Pharmaceuticals company turns to cloud HR technology

Astra Zeneca CIO Dave Smoley turns lessons learned from an earlier cloud HR implementation to use at the pharmaceuticals giant

Pharmaceuticals company, Astra Zeneca, plans to roll out Workday’s cloud HR technology to 66,000 employees in 2015.

The company – which operates in 100 countries – claims that moving to the cloud will help it to lower the cost of running its HR systems.
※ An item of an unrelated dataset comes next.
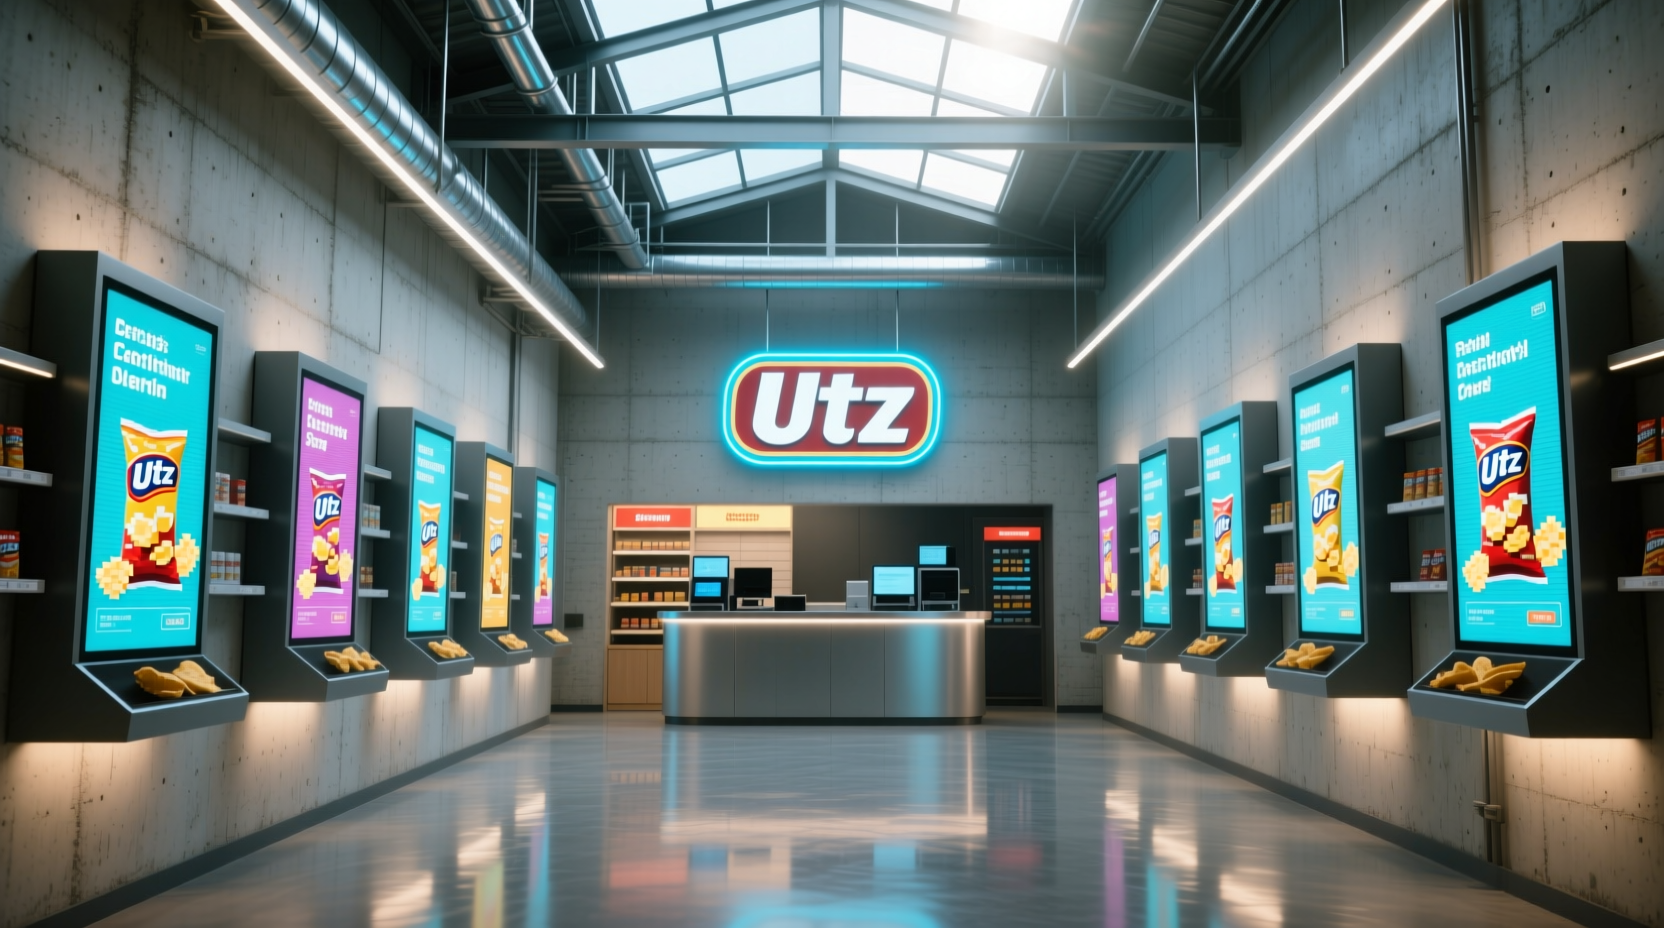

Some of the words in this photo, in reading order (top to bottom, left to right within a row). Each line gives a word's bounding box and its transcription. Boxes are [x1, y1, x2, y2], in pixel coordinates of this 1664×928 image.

[752, 372, 915, 446] Utz
[132, 460, 176, 490] Utz
[1481, 449, 1523, 485] Utz
The project will also allow Astra Zeneca to benefit from continuous innovation offered by software as a service, said CIO Dave Smoley.

Risky decision

The project is the second major Workday implementation for Smoley, who joined the $24bn drug company in April 2013.

In his previous role as CIO of electronic component manufacturer Flextronics, he was responsible for replacing 80 different HR systems with Workday’s cloud service – something he considered a risky decision at the time.

Six years on, Workday’s technology has matured, and it is now seen as a credible alternative to the traditional HR technology offered by SAP and Oracle.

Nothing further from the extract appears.